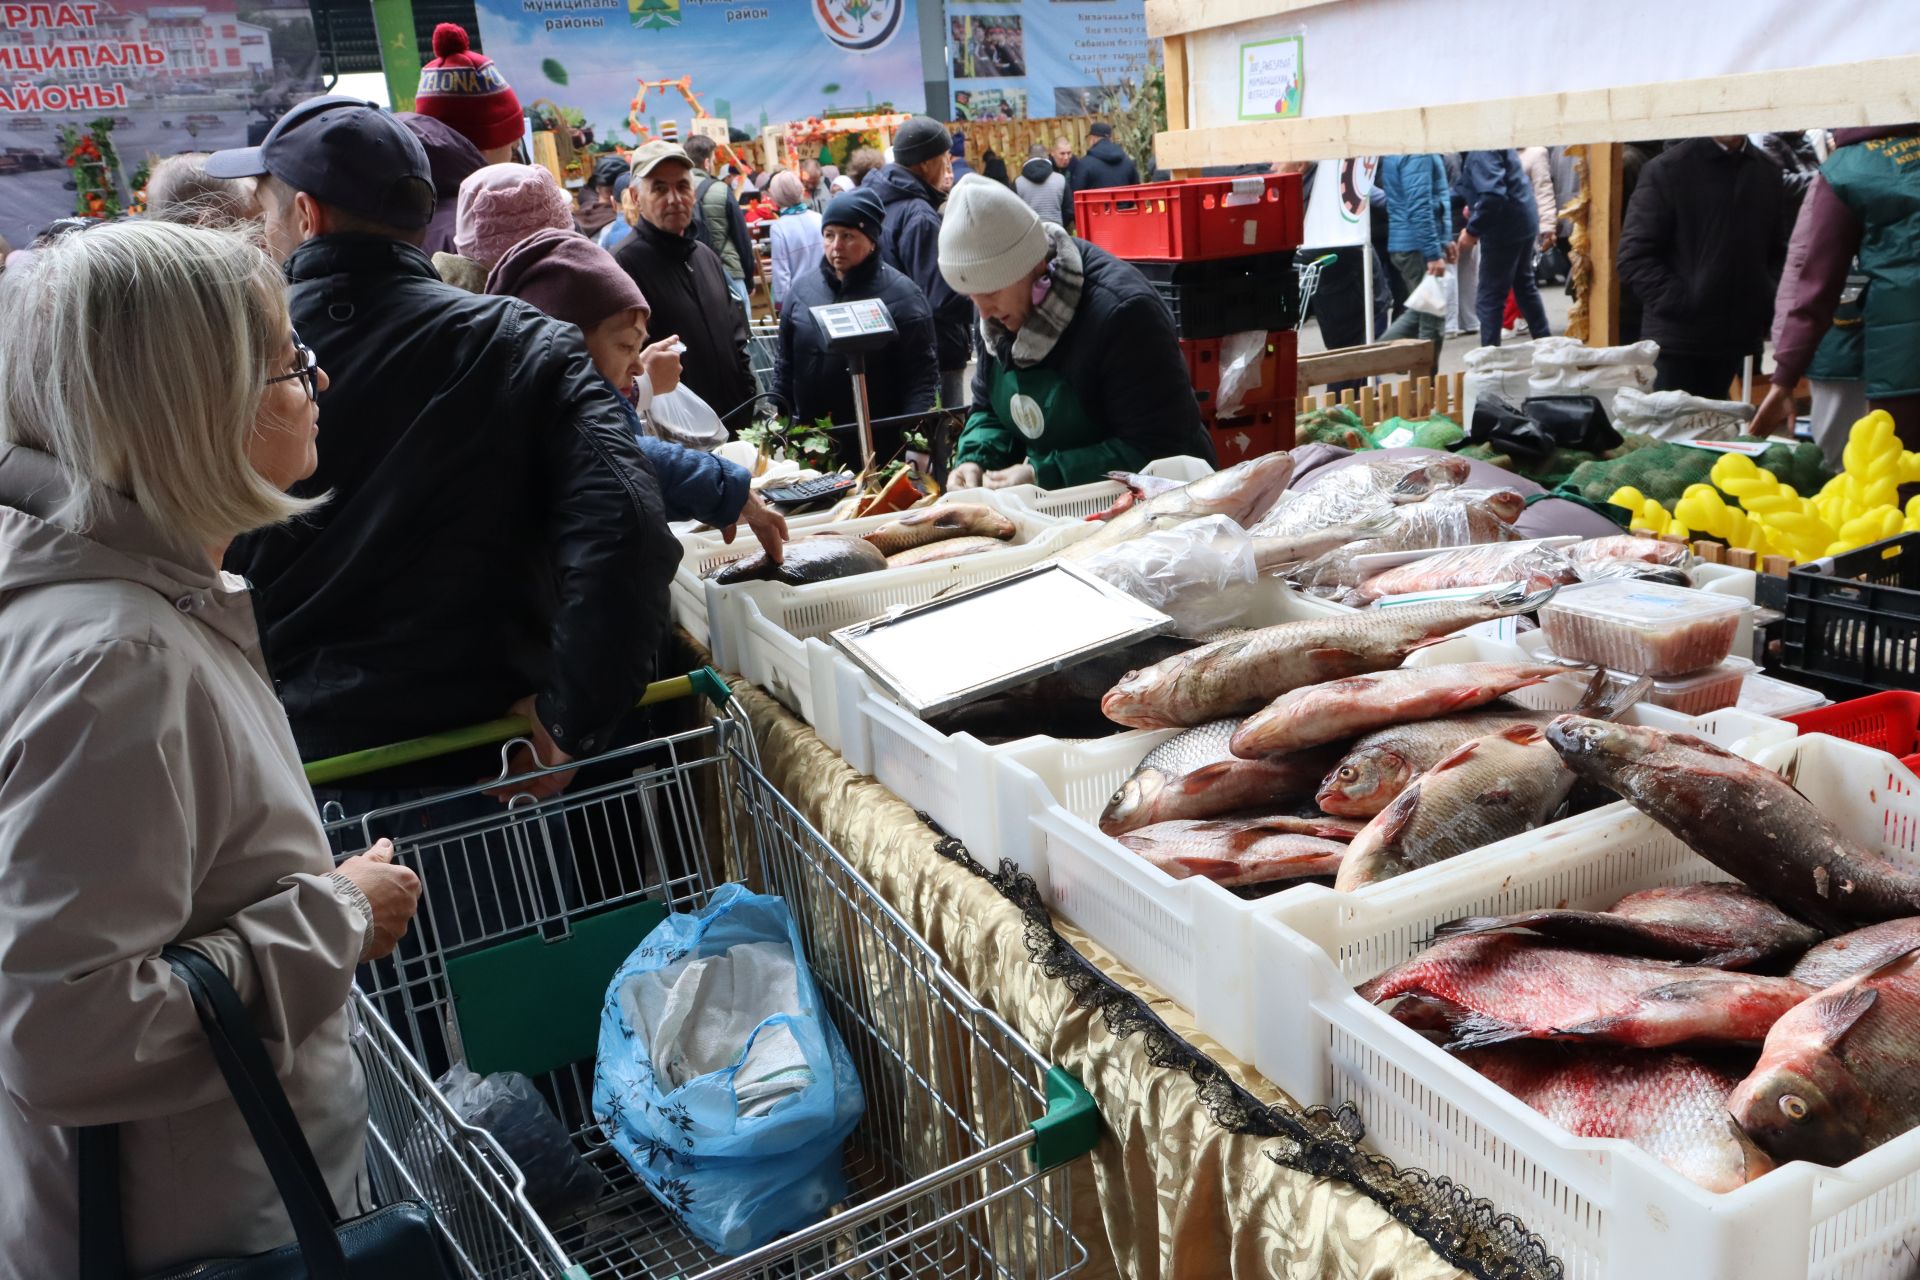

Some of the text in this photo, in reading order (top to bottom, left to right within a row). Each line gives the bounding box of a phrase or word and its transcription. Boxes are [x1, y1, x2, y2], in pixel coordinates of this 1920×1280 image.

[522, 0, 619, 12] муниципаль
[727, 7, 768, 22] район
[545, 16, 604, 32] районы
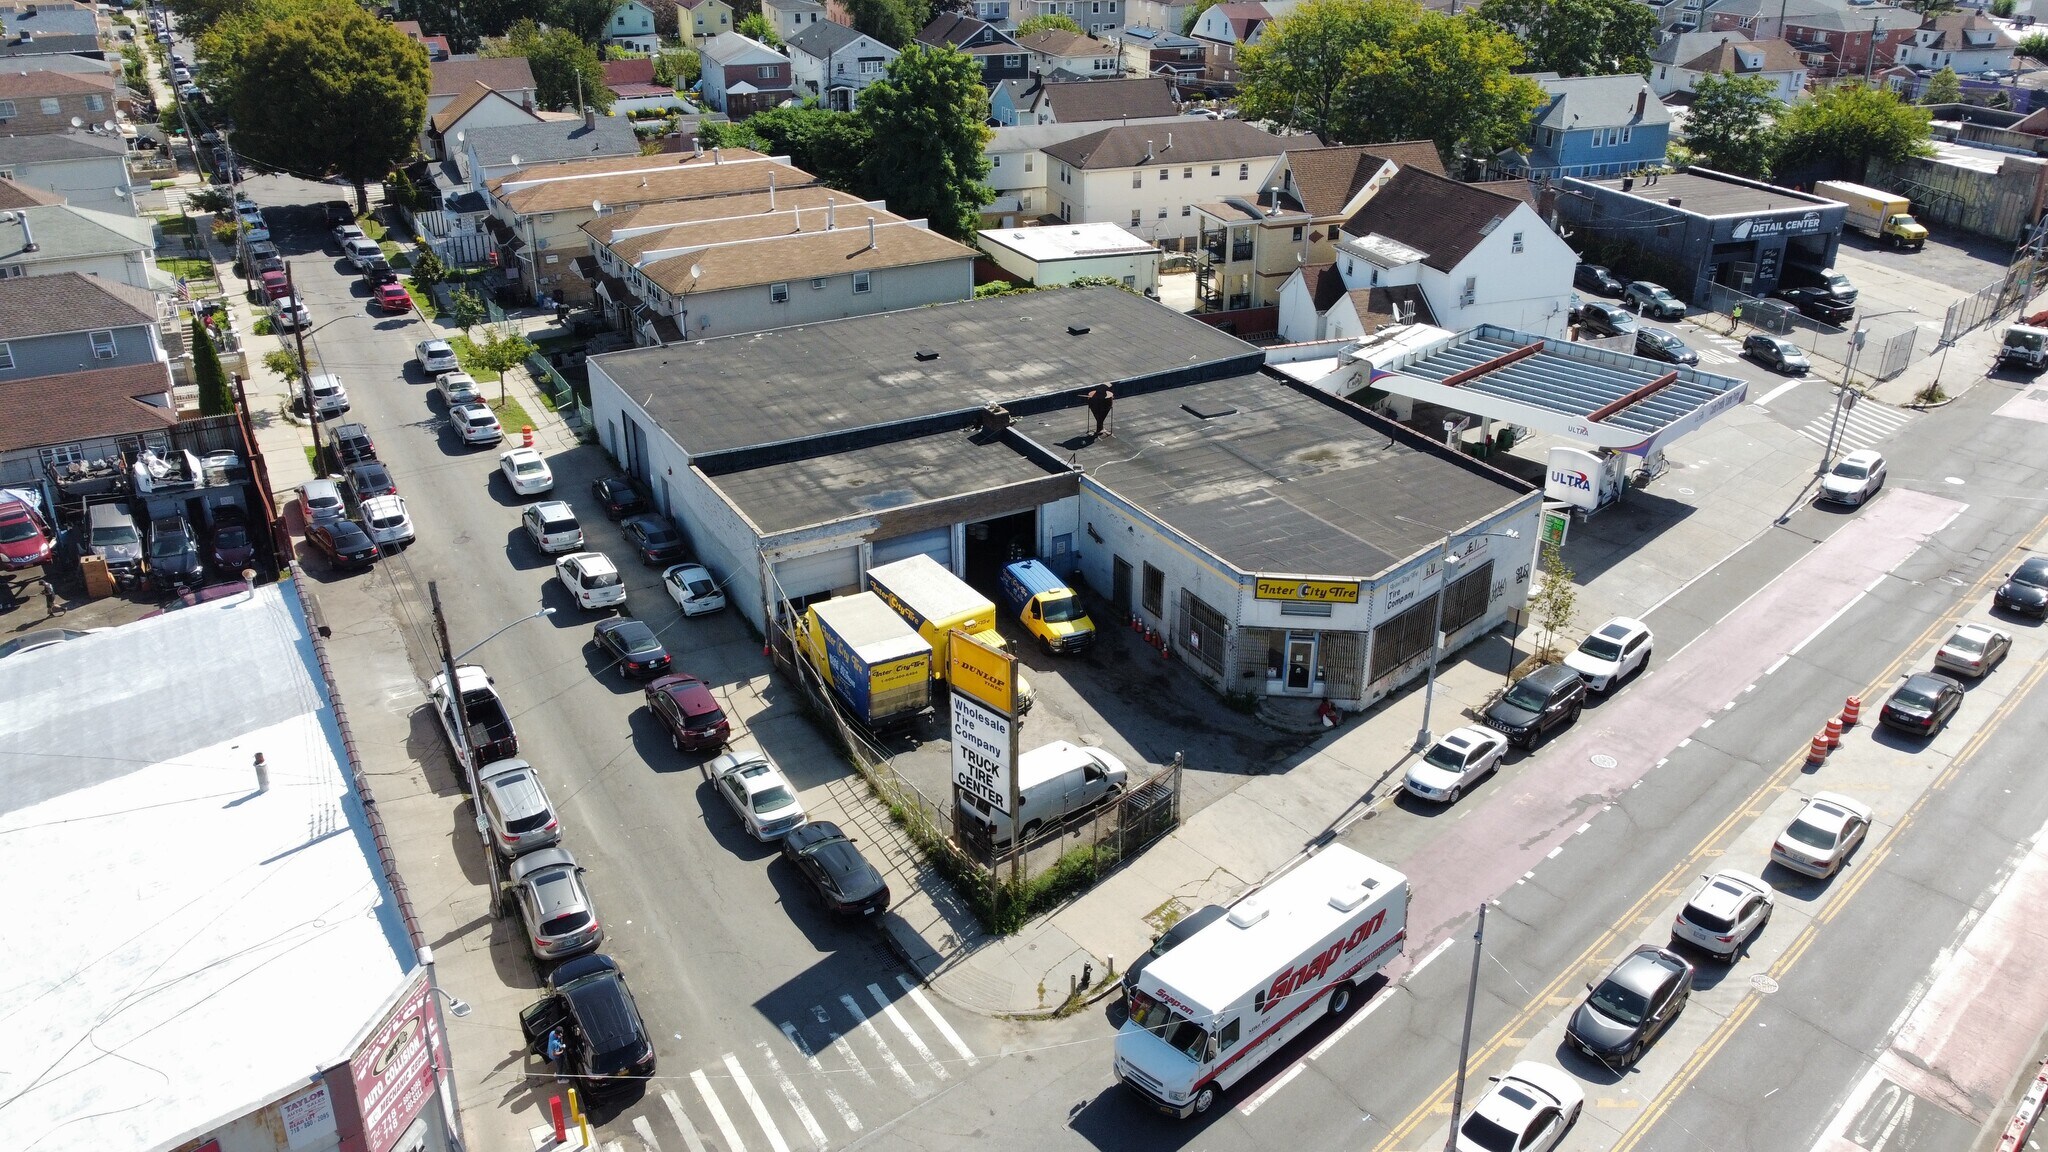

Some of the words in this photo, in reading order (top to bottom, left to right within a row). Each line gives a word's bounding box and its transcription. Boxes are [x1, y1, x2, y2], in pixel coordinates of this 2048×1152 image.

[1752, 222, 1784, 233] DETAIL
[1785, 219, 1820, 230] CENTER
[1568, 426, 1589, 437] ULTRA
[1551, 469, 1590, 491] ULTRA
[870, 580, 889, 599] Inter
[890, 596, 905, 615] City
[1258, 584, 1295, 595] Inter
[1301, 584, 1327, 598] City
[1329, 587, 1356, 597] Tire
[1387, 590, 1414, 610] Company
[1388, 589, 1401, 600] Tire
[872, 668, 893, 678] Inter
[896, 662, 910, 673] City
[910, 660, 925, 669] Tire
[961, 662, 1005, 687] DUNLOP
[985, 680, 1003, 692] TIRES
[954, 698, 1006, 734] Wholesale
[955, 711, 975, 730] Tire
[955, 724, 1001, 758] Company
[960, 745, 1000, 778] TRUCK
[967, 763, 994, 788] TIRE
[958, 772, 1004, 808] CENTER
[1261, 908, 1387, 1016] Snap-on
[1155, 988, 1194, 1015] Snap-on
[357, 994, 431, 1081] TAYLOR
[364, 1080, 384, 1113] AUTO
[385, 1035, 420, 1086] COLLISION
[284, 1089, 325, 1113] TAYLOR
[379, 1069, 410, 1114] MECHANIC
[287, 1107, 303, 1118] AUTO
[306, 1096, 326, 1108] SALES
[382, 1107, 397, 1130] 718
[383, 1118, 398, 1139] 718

Exercise requirements: Your task is to return every entry exactly as it was written, with the pictures removed.

Answer section:
Some of the text in this photo, in reading order (top to bottom, left to right within a row). Each line gives the bounding box of a phrase or word and its transcription. Boxes are [x1, y1, x2, y2], in pixel coordinates of this 1920×1280 image.

[522, 0, 619, 12] муниципаль
[727, 7, 768, 22] район
[545, 16, 604, 32] районы

Some of the words in this photo, in reading order (top to bottom, left to right within a row). Each line gives a word's bounding box and its transcription. Boxes are [x1, y1, x2, y2], in pixel coordinates of this 2048×1152 image.

[1752, 222, 1784, 233] DETAIL
[1785, 219, 1820, 230] CENTER
[1568, 426, 1589, 437] ULTRA
[1551, 469, 1590, 491] ULTRA
[870, 580, 889, 599] Inter
[890, 596, 905, 615] City
[1258, 584, 1295, 595] Inter
[1301, 584, 1327, 598] City
[1329, 587, 1356, 597] Tire
[1387, 590, 1414, 610] Company
[1388, 589, 1401, 600] Tire
[872, 668, 893, 678] Inter
[896, 662, 910, 673] City
[910, 660, 925, 669] Tire
[961, 662, 1005, 687] DUNLOP
[985, 680, 1003, 692] TIRES
[954, 698, 1006, 734] Wholesale
[955, 711, 975, 730] Tire
[955, 724, 1001, 758] Company
[960, 745, 1000, 778] TRUCK
[967, 763, 994, 788] TIRE
[958, 772, 1004, 808] CENTER
[1261, 908, 1387, 1016] Snap-on
[1155, 988, 1194, 1015] Snap-on
[357, 994, 431, 1081] TAYLOR
[364, 1080, 384, 1113] AUTO
[385, 1035, 420, 1086] COLLISION
[284, 1089, 325, 1113] TAYLOR
[379, 1069, 410, 1114] MECHANIC
[287, 1107, 303, 1118] AUTO
[306, 1096, 326, 1108] SALES
[382, 1107, 397, 1130] 718
[383, 1118, 398, 1139] 718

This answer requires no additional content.